Hypothesis Testing and Results Interpretation

1. Hypothesis Testing and Results Interpretation By Minjuan Wang ED 690 Educational Technology

2. Types of Hypothesis • Null hypothesis • There is no change, difference or relationship between A and B • A starting point or a benchmark • Many articles have implied null hypothesis, but may not clearly stated. • Few studies are designed to verify the nonexistence of a relationship • Coffee maker is broken • no relationship between its broken and the humming birds on the tree outside my balcony.
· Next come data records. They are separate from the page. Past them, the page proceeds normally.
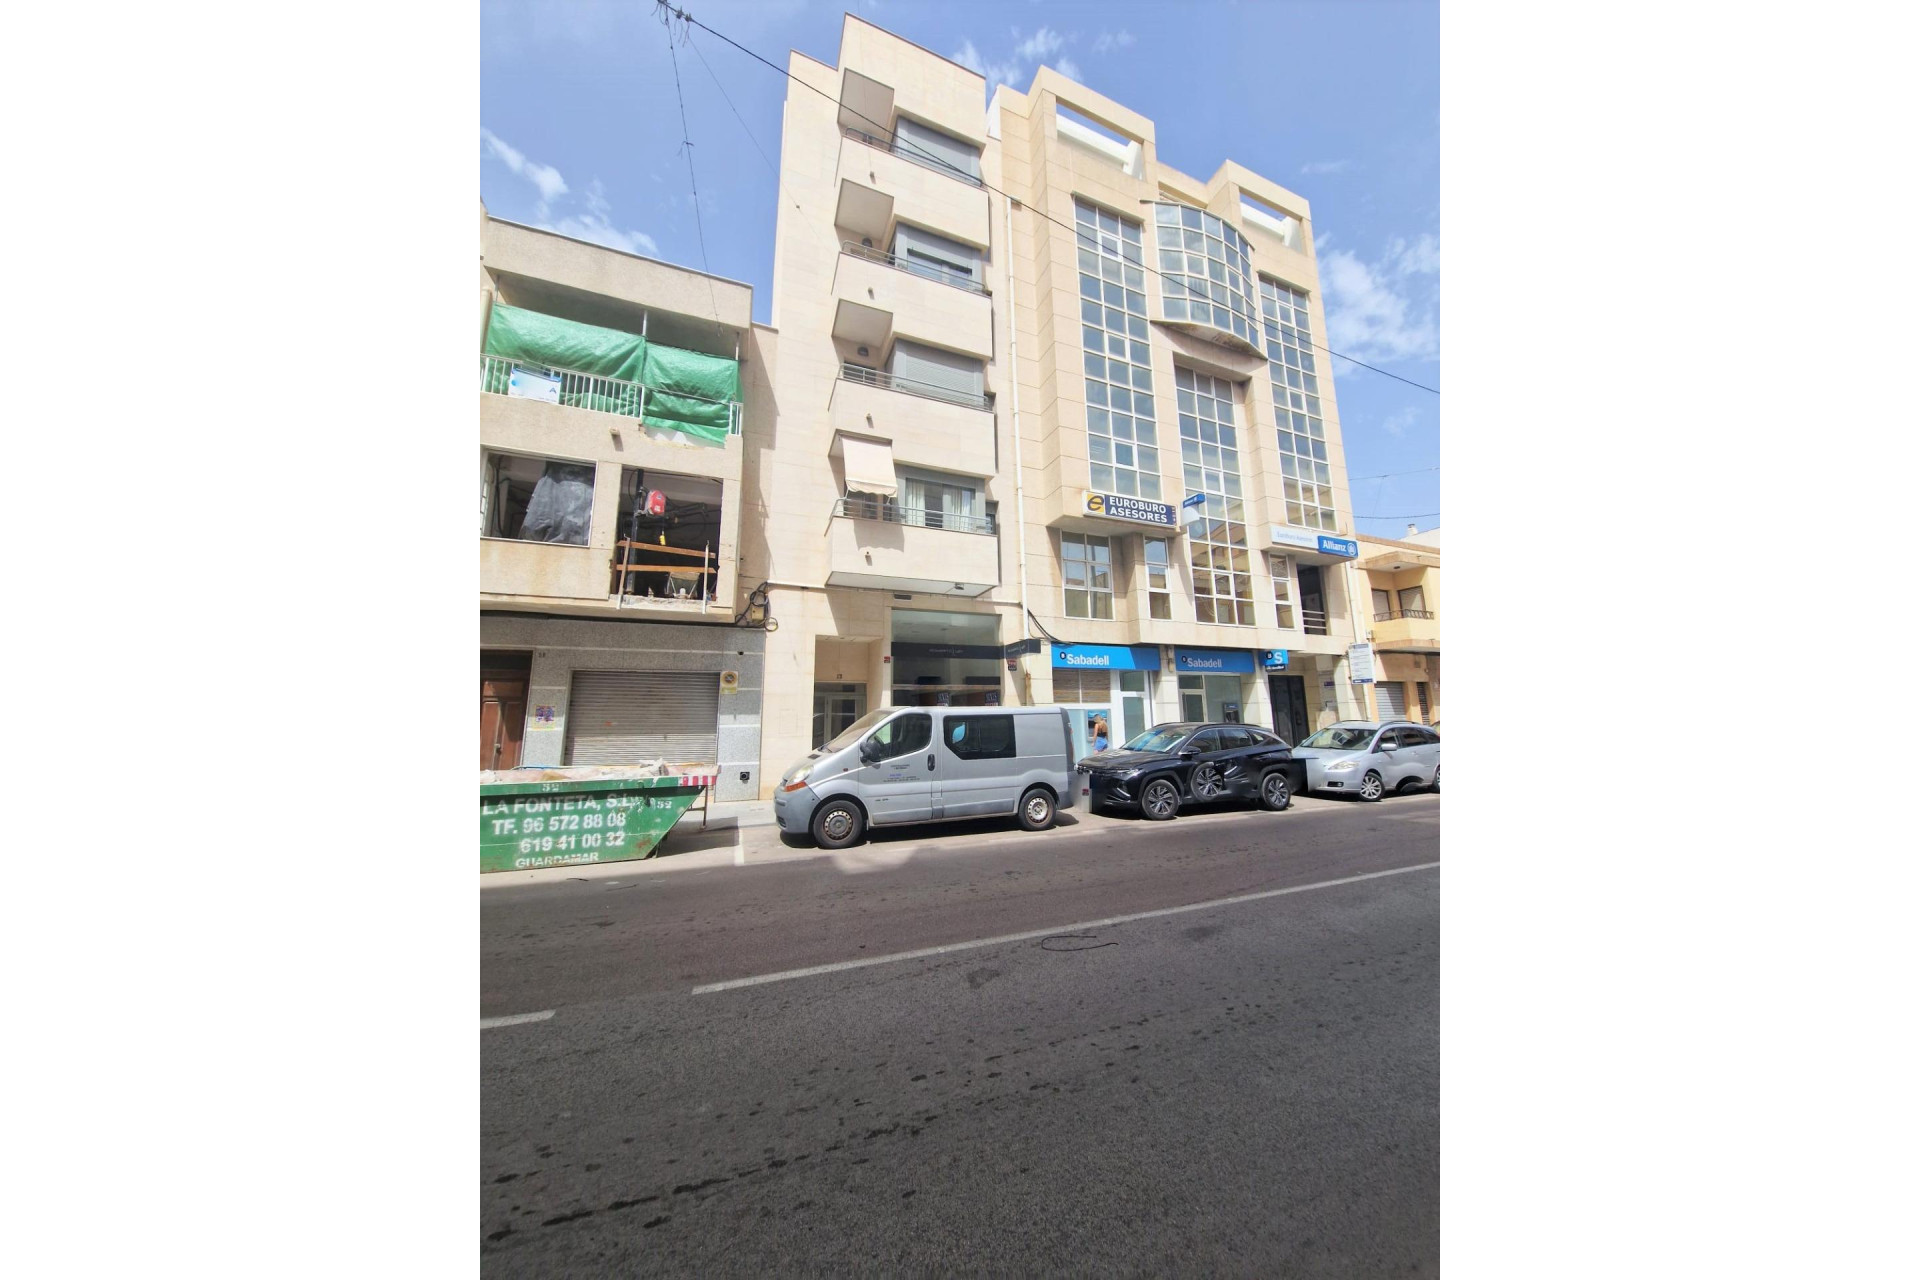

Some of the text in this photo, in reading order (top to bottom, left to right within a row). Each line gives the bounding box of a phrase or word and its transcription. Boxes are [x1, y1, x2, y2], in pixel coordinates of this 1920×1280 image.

[1109, 496, 1167, 514] EUROBURO
[1110, 506, 1168, 523] ASESORES
[1322, 539, 1347, 552] Allianz
[1067, 654, 1109, 665] Sabadell
[1187, 657, 1222, 668] Sabadell
[1274, 652, 1283, 664] S
[483, 799, 509, 815] LA
[514, 795, 601, 814] FONTETA,
[492, 818, 518, 835] TF.
[523, 817, 544, 833] 96
[549, 814, 579, 831] 572
[583, 813, 603, 829] 88
[520, 831, 625, 853] 619 41 00 32
[515, 852, 599, 868] GUARDAMAR
3. Alternative/Research Hypothesis • Hypothesis that is implicitly accepted if the null hypothesis is rejected • Directional (one-tailed test) • Non-directional (two-tailed test) • Hypothesis: not to be proven but to be supported • Does your study fail if your hypothesis is not supported by the data?
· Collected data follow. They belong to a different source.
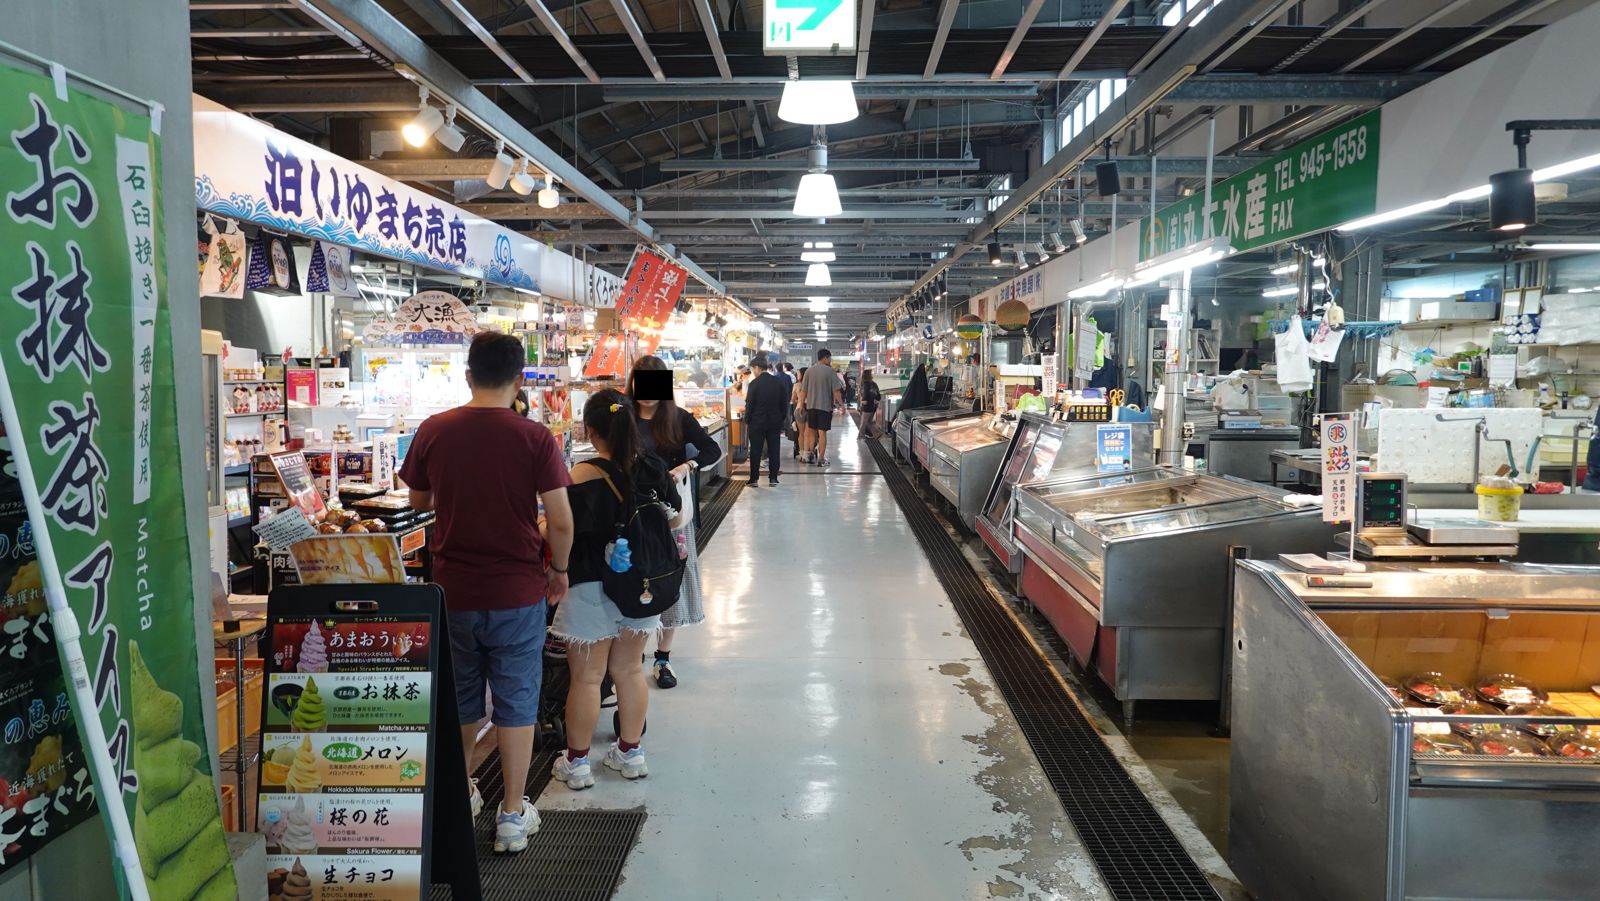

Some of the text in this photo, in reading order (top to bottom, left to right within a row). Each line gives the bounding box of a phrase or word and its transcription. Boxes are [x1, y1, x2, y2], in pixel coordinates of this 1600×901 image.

[1274, 125, 1367, 193] TEL 945-1558
[265, 139, 467, 264] 泊いゆまち売店
[1271, 198, 1295, 234] FAX
[411, 302, 461, 325] 大漁
[136, 517, 154, 631] Matcha
[361, 682, 420, 701] お抹茶
[327, 745, 409, 761] 北海道 メロン
[329, 807, 389, 827] 桜の花
[346, 847, 370, 855] Sakura
[371, 847, 393, 855] Flower
[323, 864, 394, 884] 生チョコ
4. Hypothesis testing • Core of Inferential Statistics • contributes to the science of education primarily by expanding, refining, or revising its knowledge base.

5. Hypothesis Testing Procedure • Come up with a hypothesis • Set a: level of risk you are willing to take; or the cut-off point for a test result to be significant • Select the test • Compute the obtained value: t, f, r, etc. • Find the critical value in the respective table • To reject a null hypothesis->Obtained value must be > critical value • Otherwise, fail to reject null hypothesis (H0) • But, never “accept” null hypothesis • Many tests are needed to confirm that A is not different from or associated with B. • When rejecting null-P, the alternative 2-tailed P is implicitly accepted.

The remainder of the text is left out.